The transformation of permanent art
I made two life size outdoor statues that are similar to each other in pose and feeling, but they are two different sculptures. Over time the meaning of the first one changed and I feel compelled to dissect how this happened. The two sculptures are Remembering and Remembering the Fallen. The transformation of permanent art happens. As we continue to create art, especially when we revisit a theme, it’s original concept can change. While both are US Marines kneeling and remembering, there are two slight differences that I’ll try to articulate here.
Remembering is a kneeling soldier from the war on terror and represents a soldier fighting in the War in Afghanistan. This was the first US Marine I sculpted and was made a few years before Remembering the Fallen. The life size sculpture was modeled after a friend, a US Marine who served at the start of the war in Afghanistan.
The Marine is kneeling holding his combat helmet in his right arm and his left hand raised up against a wall. The wall is symbolic. It could be a concrete wall that was blasted from an attack or a wall symbolizing remembrance. The bronze military sculpture was designed to be remembering a fallen brother. That was what I had in my head while creating the original in clay. Over the years, however, the meaning has changed. This is partially due to the creation of another in the series, which I’ll detail below. I’ve reimagined him as remembering not a single soldier. Instead, he is remembering the sacrifices he and others make for the sake of freedom. Or perhaps it is the collateral loss or the price of war. Memories stay with us especially traumatic ones.
Remembering the Fallen
Remembering the Fallen is the second version in my Remembering “series” and was sculpted in 2017. This modern day soldier is not clutching his helmet or with his hand raised to a wall, but instead he is holding a folded flag. A ceremonial folded flag.

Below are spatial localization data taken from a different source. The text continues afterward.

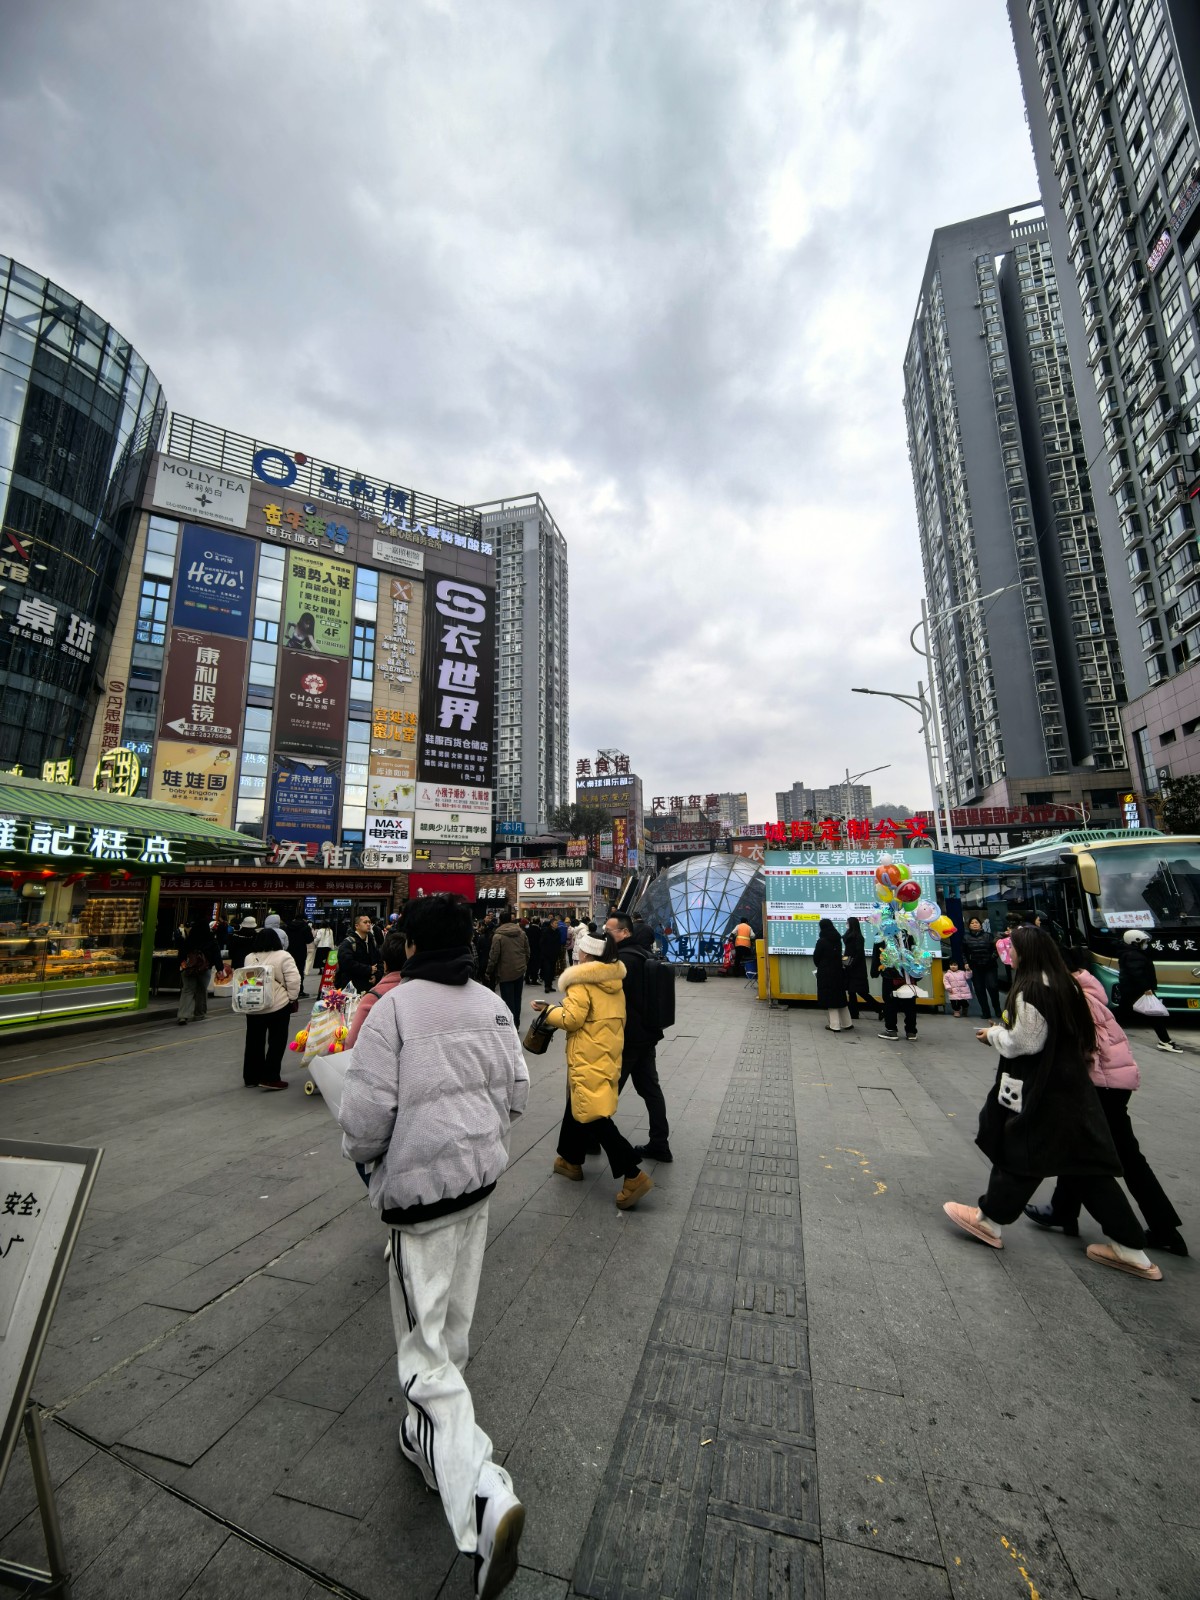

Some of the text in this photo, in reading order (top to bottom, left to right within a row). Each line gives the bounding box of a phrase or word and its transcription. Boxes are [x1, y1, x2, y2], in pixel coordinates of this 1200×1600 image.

[163, 462, 245, 493] MOLLY TEA
[185, 481, 222, 497] 茉莉奶白
[187, 561, 244, 590] Hello!
[293, 564, 351, 590] 强势入驻
[324, 627, 339, 638] 4F
[191, 646, 221, 723] 康利眼镜
[289, 693, 336, 706] CHAGEE
[161, 769, 227, 790] 娃娃国
[188, 789, 218, 797] kingdom
[375, 819, 403, 829] MAX
[764, 816, 929, 842] 城际定制公交
[369, 828, 408, 840] 电竞馆
[537, 877, 584, 887] 书亦烧仙草
[478, 887, 507, 899] 肯德基
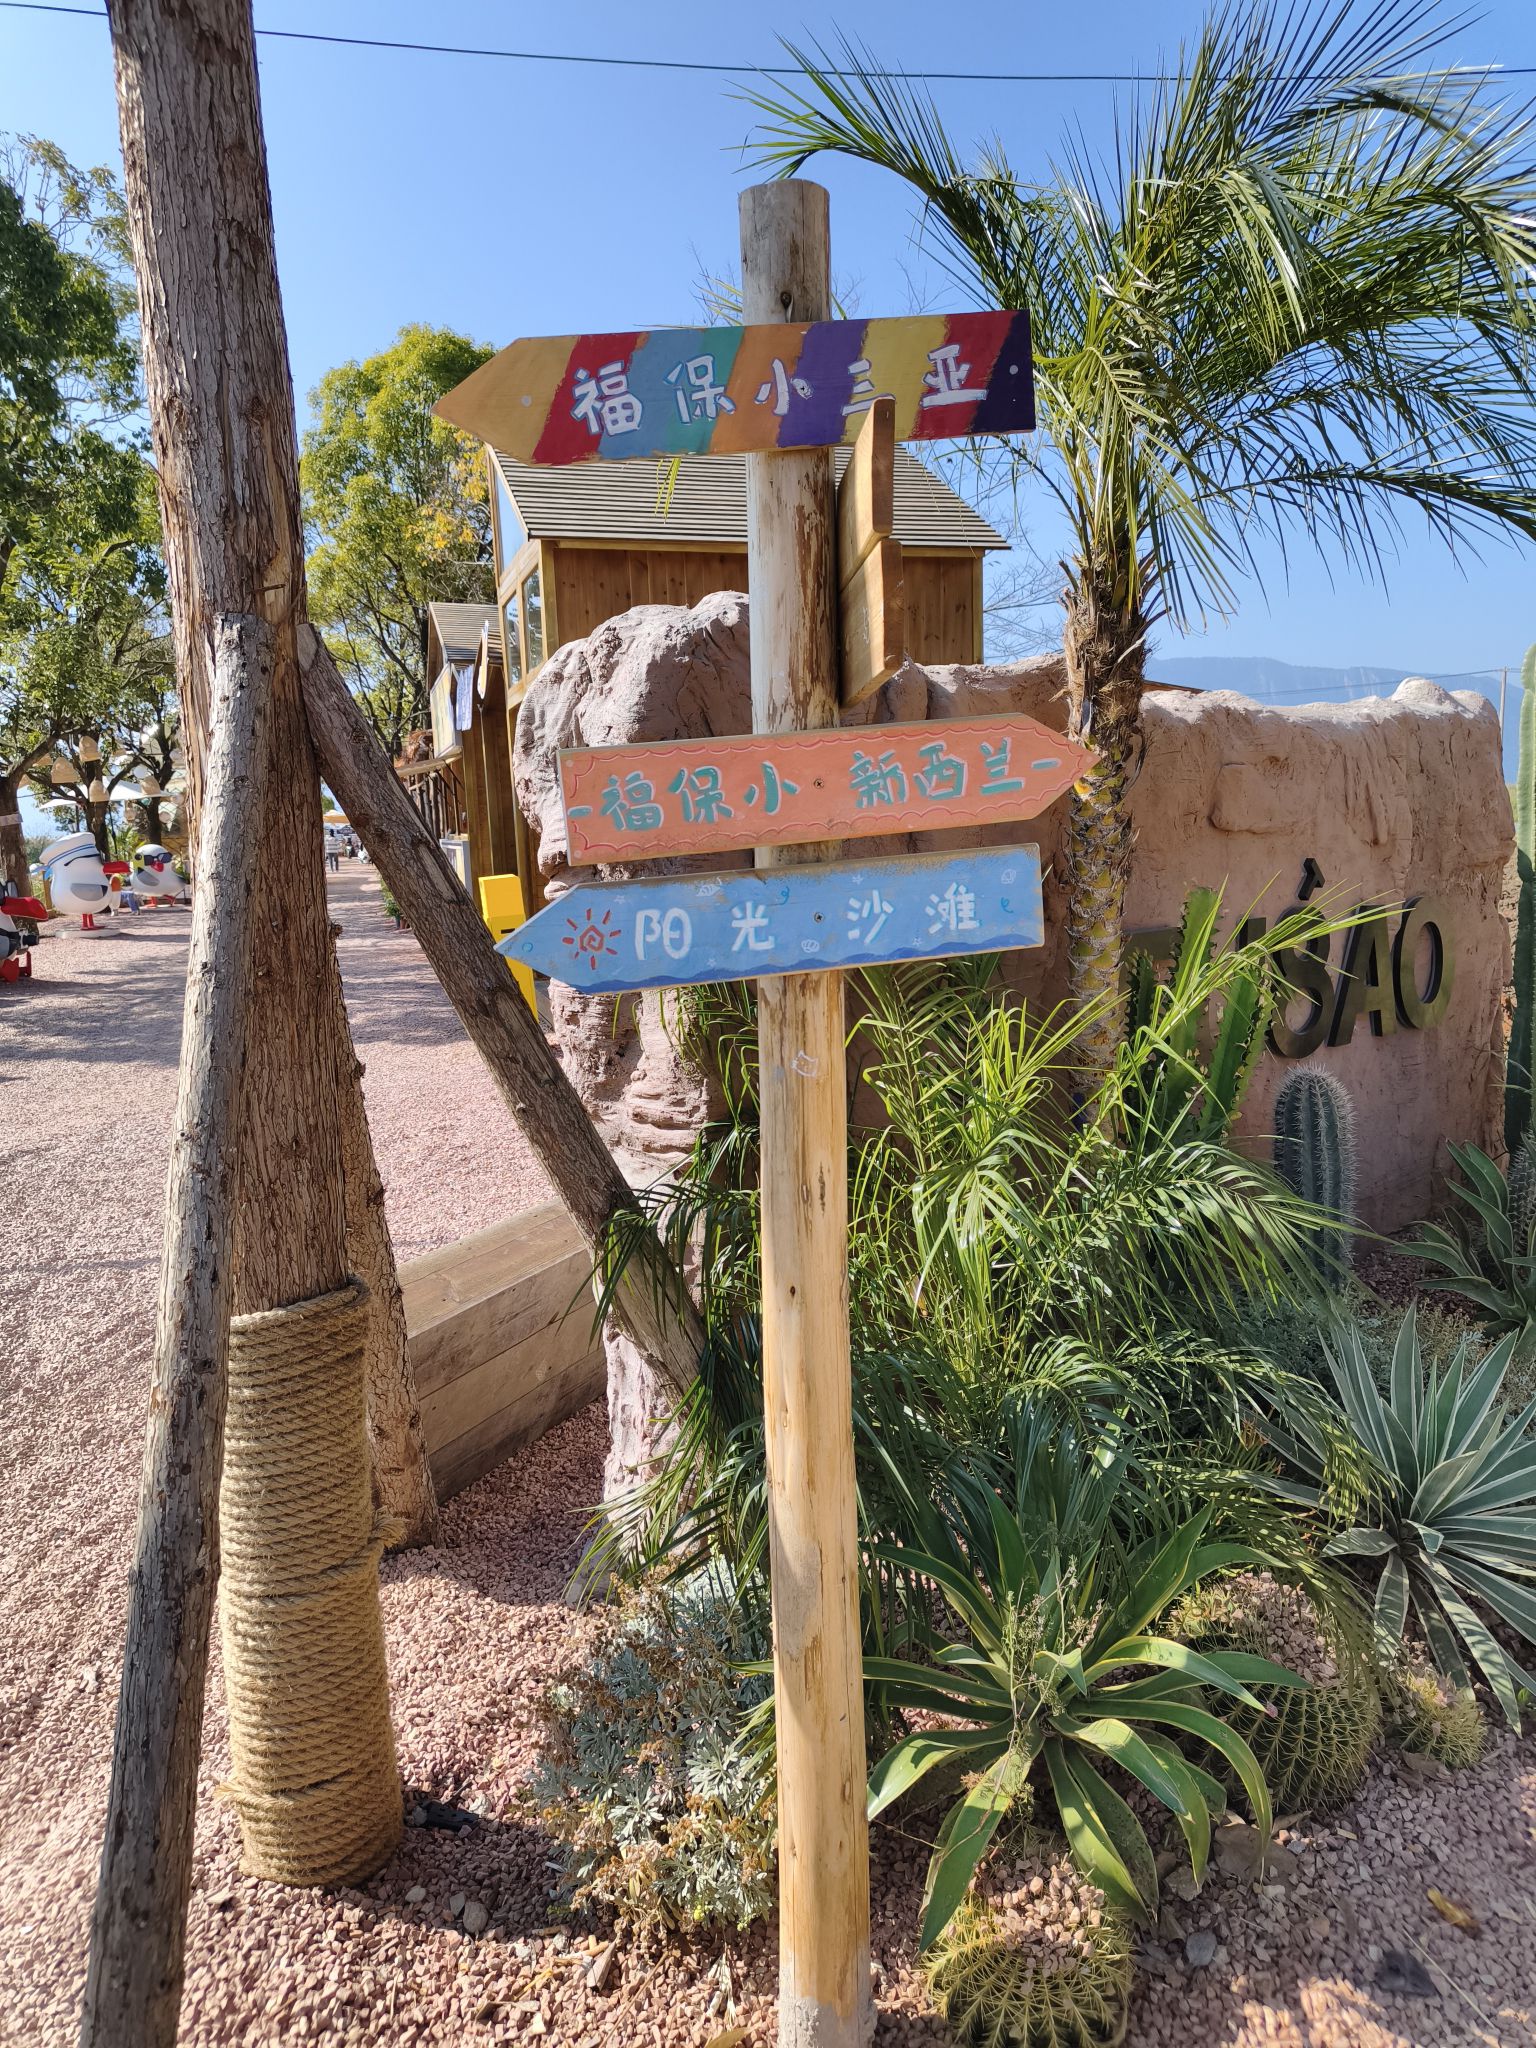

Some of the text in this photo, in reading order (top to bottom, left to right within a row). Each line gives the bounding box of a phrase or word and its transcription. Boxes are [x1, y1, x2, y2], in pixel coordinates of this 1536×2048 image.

[571, 344, 987, 436] 福保小三亚
[634, 882, 981, 961] 阳光沙滩

When I first made this sculpture my thought was would an active-duty soldier really be carrying a folded flag to combat? Initially, this question persisted in my head. But, I decided, after internal debating, if he recently lost a family member in war he might carry one.

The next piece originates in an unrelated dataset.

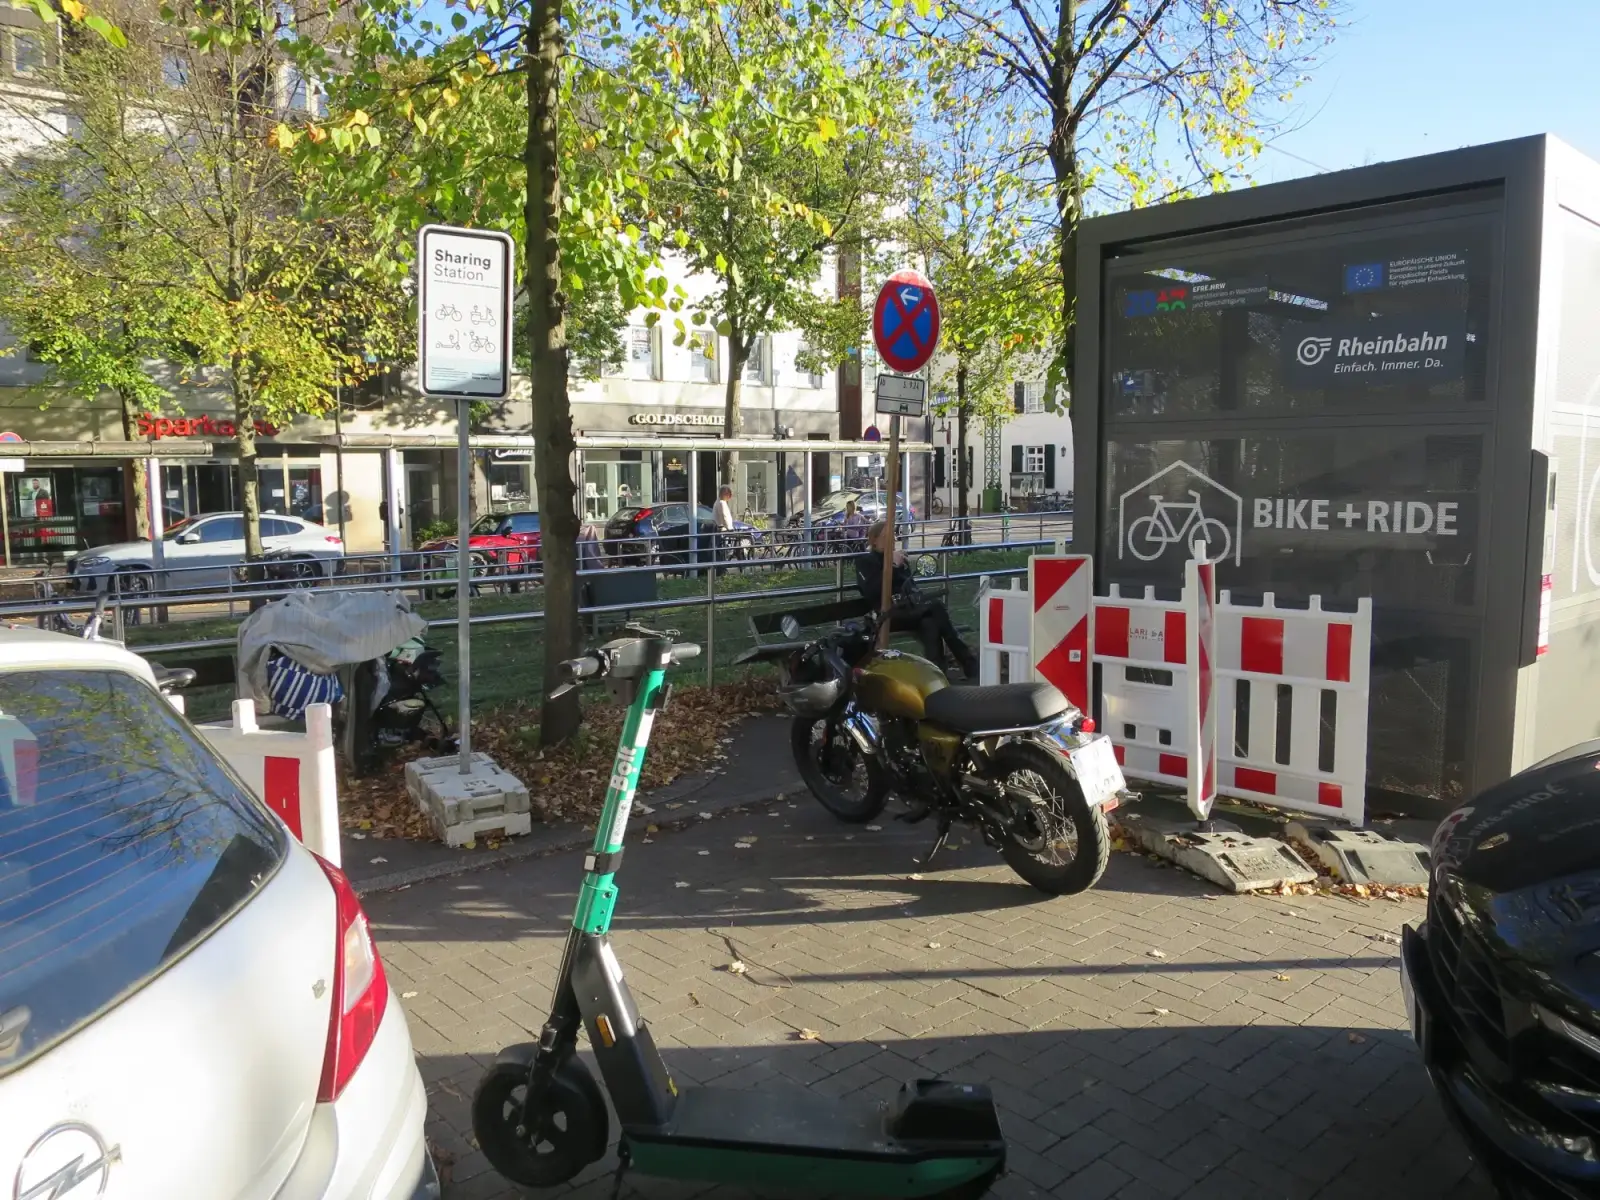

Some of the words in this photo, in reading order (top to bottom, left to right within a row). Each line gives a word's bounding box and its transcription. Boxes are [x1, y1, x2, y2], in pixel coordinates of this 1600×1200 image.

This soldier is in a different emotional loss than the first Remembering. He takes the loss deeper. Deep enough to carry the most important memory he now has of his brother or sister, to the most dangerous locations on earth. To honor and to hold someone close one last time.

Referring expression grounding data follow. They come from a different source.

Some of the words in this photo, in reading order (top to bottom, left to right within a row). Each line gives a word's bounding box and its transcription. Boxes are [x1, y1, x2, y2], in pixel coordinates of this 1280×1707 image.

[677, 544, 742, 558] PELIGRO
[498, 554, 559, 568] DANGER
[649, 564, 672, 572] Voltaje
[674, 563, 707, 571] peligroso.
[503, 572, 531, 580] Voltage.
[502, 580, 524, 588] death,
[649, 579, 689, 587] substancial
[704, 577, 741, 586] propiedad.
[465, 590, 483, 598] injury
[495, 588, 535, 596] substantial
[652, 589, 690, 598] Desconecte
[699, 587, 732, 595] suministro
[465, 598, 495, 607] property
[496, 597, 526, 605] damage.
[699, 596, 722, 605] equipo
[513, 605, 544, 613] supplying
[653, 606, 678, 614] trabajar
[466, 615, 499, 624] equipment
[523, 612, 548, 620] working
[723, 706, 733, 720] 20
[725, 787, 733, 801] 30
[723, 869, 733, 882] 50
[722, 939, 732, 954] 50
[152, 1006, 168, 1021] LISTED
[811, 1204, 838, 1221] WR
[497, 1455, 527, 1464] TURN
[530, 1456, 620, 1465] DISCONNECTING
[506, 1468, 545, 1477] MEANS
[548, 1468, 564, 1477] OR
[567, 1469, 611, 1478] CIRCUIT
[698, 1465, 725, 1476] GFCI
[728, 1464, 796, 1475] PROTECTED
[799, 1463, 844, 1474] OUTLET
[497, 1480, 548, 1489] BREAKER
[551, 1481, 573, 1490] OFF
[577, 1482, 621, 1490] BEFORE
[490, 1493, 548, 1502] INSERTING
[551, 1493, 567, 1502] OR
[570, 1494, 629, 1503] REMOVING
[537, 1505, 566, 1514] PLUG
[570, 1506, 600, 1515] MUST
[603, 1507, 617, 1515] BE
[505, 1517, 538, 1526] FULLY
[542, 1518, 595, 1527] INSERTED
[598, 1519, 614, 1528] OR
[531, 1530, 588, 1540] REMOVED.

The meaning behind this newer sculpture seems to have transformed my thoughts on the previous sculpture. It’s weird how that happens.
When I first posted Remembering the Fallen on social media, it went something near viral. It had hundreds of shares in a matter of days. It was impressive. I immediately started getting emails, private messages and phone calls from people who fell in love with it. They were from all over the country and what a surprise it was!
Meaning of an artwork can change, but the artwork itself doesn’t
It is interesting how time changes our views on something. Time changes our views on life, family, things we cherish or don’t cherish. We may have hated some of our teachers when we were in school but now we see their good side. But to stay on track, views on art change as well with time even though the artwork doesn’t. The transformation of permanent art is very real. In the case of Remembering vs. Remembering the Fallen, I think that because I had created a similar mood and pose with the second sculpture that it changed my views on the first sculpture.
I have admired and continue to admire many works of art, especially through social media which makes it easy to study someones artwork. Some artwork seem to have meaning or feeling that changes with time. Perhaps morphing into something else. I imagine the Mona Lisa and the Thinker are the best examples. They weren’t seen as icons of painting or sculpture right out of the womb, but they are now.
An artworks feeling/energy/meaning/depth etc changes with time. But all artwork doesn’t change on the same level. Some probably don’t change at all. And that is what is fascinating to me. What makes artwork stand the test of time?
As I approach half a century on our planet art becomes more and more important to me. Some might say art is even more valued today with social media and the broader audience artists can get. Art changes us and gives us a place to put our thoughts and emotions. Art can be our worst enemy one day and our best friend the next. While the artwork itself doesn’t change, maybe we do.